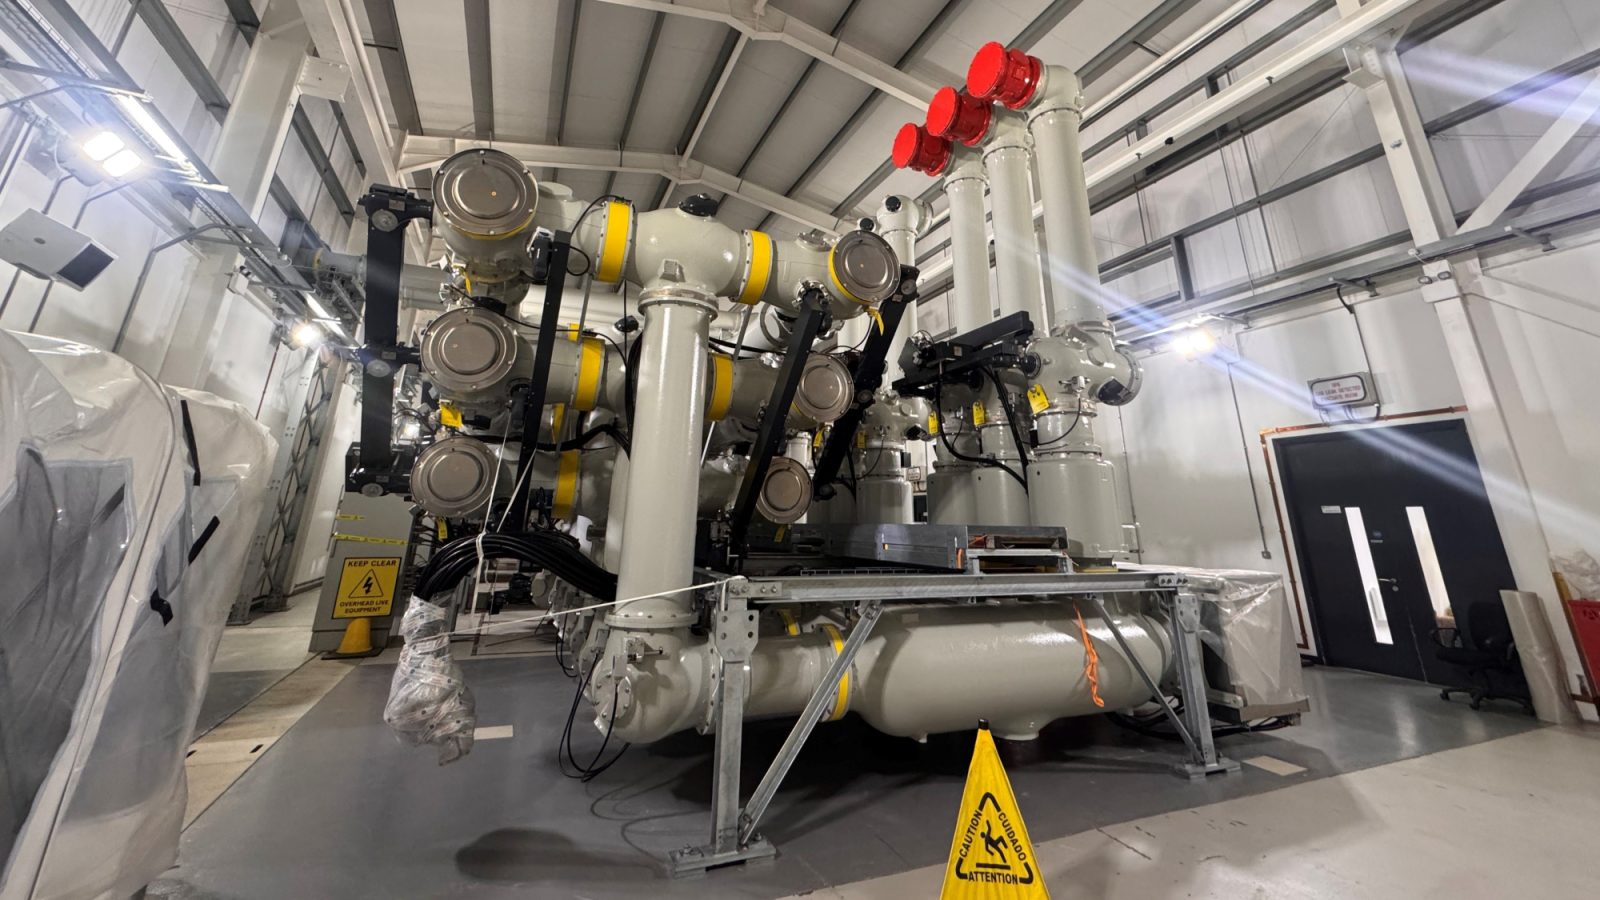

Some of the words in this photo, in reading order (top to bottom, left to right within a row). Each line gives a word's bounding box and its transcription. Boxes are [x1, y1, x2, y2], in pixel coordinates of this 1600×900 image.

[959, 810, 982, 858] CAUTION
[998, 812, 1027, 861] CUIDADO
[968, 871, 1018, 885] ATTENTION
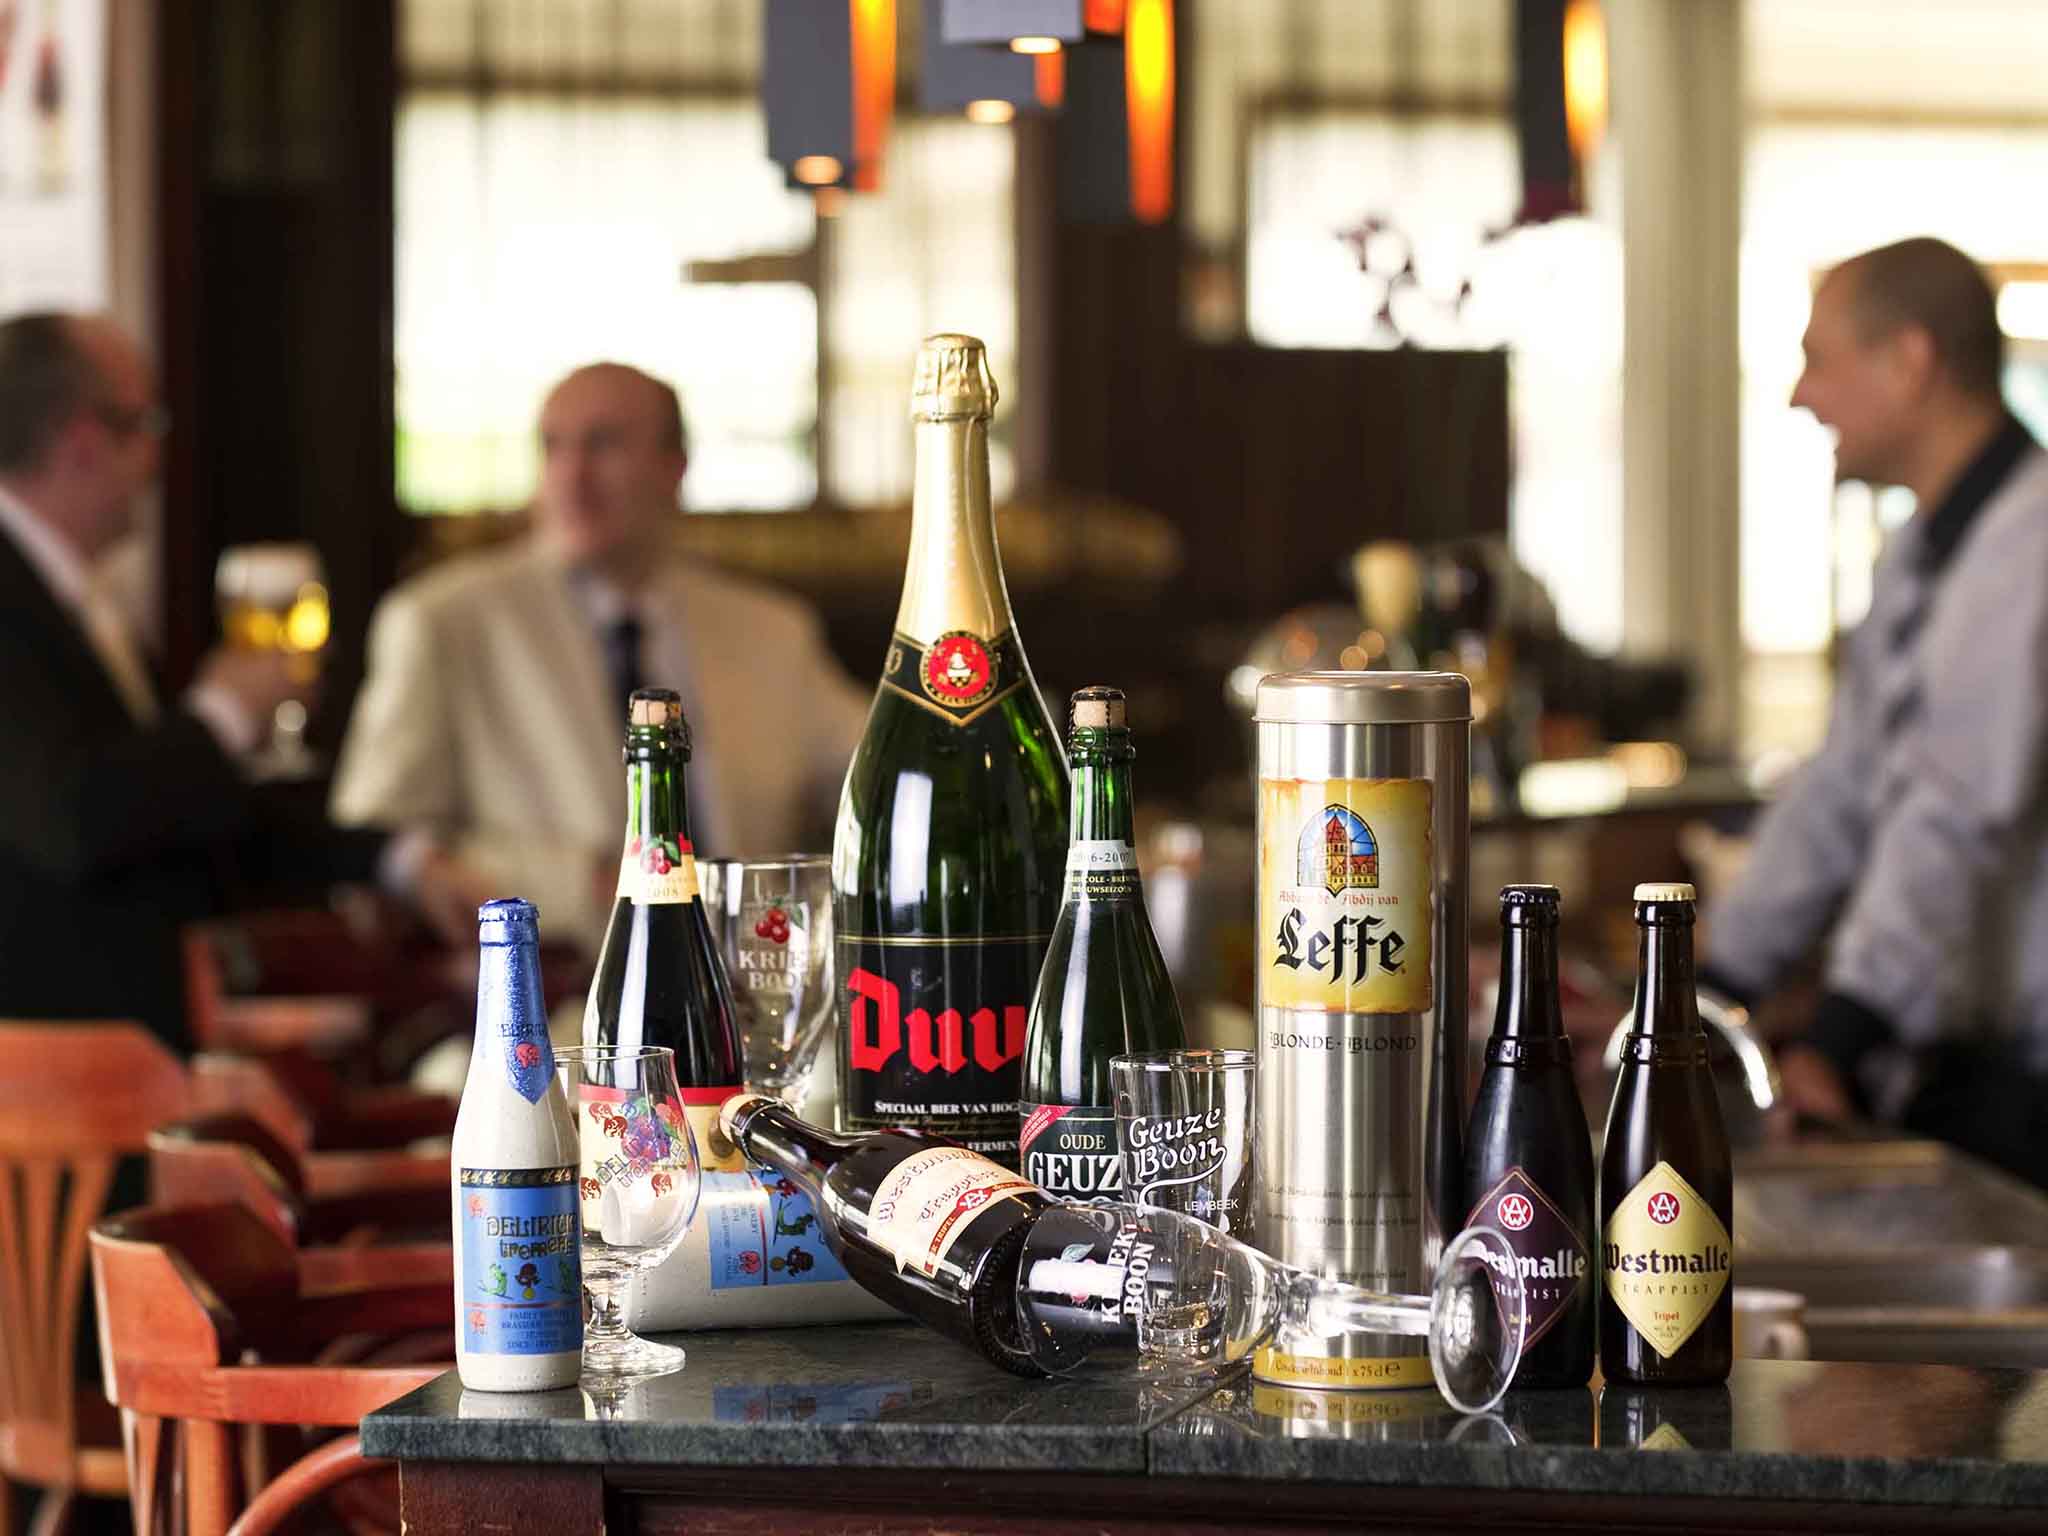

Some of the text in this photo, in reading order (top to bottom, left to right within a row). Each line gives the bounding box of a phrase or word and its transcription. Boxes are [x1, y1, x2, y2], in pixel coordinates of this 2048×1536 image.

[1378, 895, 1399, 905] van
[1273, 906, 1406, 986] Leffe
[874, 1100, 927, 1115] SPECIAAL
[931, 1101, 960, 1115] BIER
[962, 1102, 988, 1114] VAN
[1129, 1107, 1221, 1148] Geuze
[1060, 1133, 1106, 1150] OUDE
[1138, 1137, 1227, 1178] Boon
[1604, 1243, 1729, 1274] Westmalle
[1123, 1241, 1155, 1315] BOON
[1623, 1283, 1710, 1296] TRAPPIST
[1653, 1311, 1681, 1323] Tripel
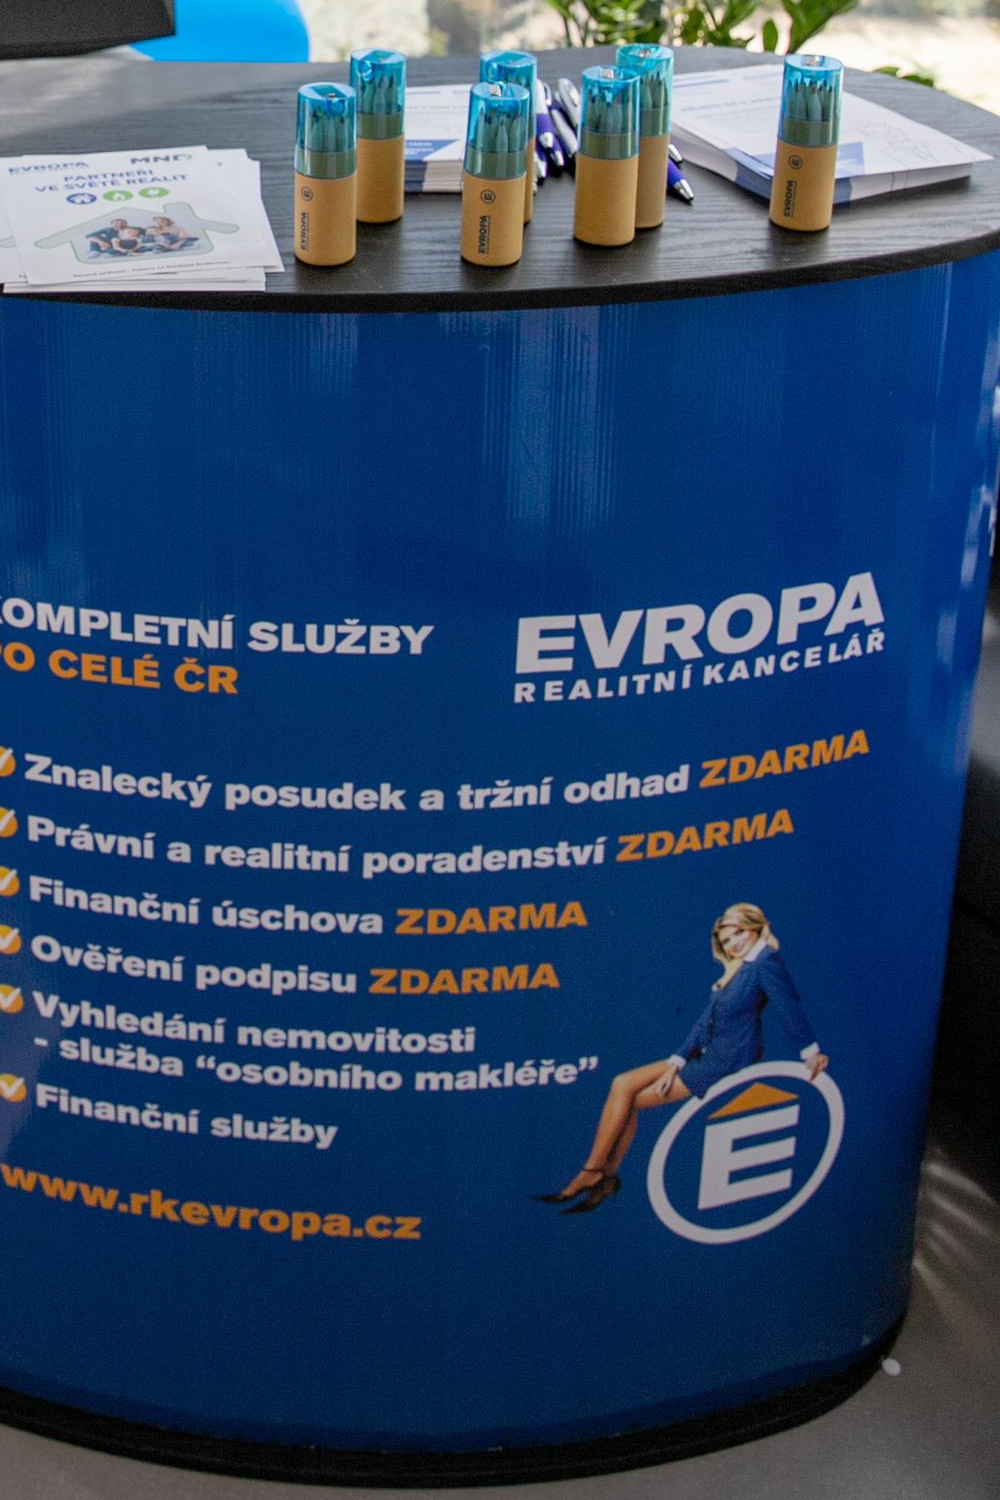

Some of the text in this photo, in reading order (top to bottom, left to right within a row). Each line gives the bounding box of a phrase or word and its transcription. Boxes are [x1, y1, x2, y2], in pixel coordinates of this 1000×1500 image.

[35, 184, 60, 193] VE
[126, 174, 188, 185] REALIT
[478, 215, 488, 254] EVROPA
[246, 618, 434, 655] SLUŽBY
[515, 571, 886, 674] EVROPA
[48, 647, 161, 689] CELÉ
[173, 656, 239, 695] ČR
[513, 629, 886, 704] REALITNÍ KANCELÁŘ
[23, 729, 870, 812] Znalecký posudek a tržní odhad ZDARMA
[27, 808, 795, 879] Právní a realitní poradenství ZDARMA
[29, 874, 589, 936] Finanční úschova ZDARMA
[30, 934, 561, 997] Ověření podpisu ZDARMA
[32, 989, 476, 1054] Vyhledání nemovitosti
[58, 1032, 184, 1078] služba
[195, 1054, 403, 1092] “osobního
[414, 1055, 599, 1092] makléře”
[34, 1082, 339, 1149] Finanční služby
[0, 1161, 423, 1241] www.rkevropa.cz
□ □ □ □ □ □ □
Exercise directions> Each line from the one with "this 1000×1500 image." through the end of the records above should be written out exactly. No other line should appear.

Result for this task>
Some of the text in this photo, in reading order (top to bottom, left to right within a row). Each line gives the bounding box of a phrase or word and its transcription. Boxes are [x1, y1, x2, y2], in pixel coordinates of this 1000×1500 image.

[35, 184, 60, 193] VE
[126, 174, 188, 185] REALIT
[478, 215, 488, 254] EVROPA
[246, 618, 434, 655] SLUŽBY
[515, 571, 886, 674] EVROPA
[48, 647, 161, 689] CELÉ
[173, 656, 239, 695] ČR
[513, 629, 886, 704] REALITNÍ KANCELÁŘ
[23, 729, 870, 812] Znalecký posudek a tržní odhad ZDARMA
[27, 808, 795, 879] Právní a realitní poradenství ZDARMA
[29, 874, 589, 936] Finanční úschova ZDARMA
[30, 934, 561, 997] Ověření podpisu ZDARMA
[32, 989, 476, 1054] Vyhledání nemovitosti
[58, 1032, 184, 1078] služba
[195, 1054, 403, 1092] “osobního
[414, 1055, 599, 1092] makléře”
[34, 1082, 339, 1149] Finanční služby
[0, 1161, 423, 1241] www.rkevropa.cz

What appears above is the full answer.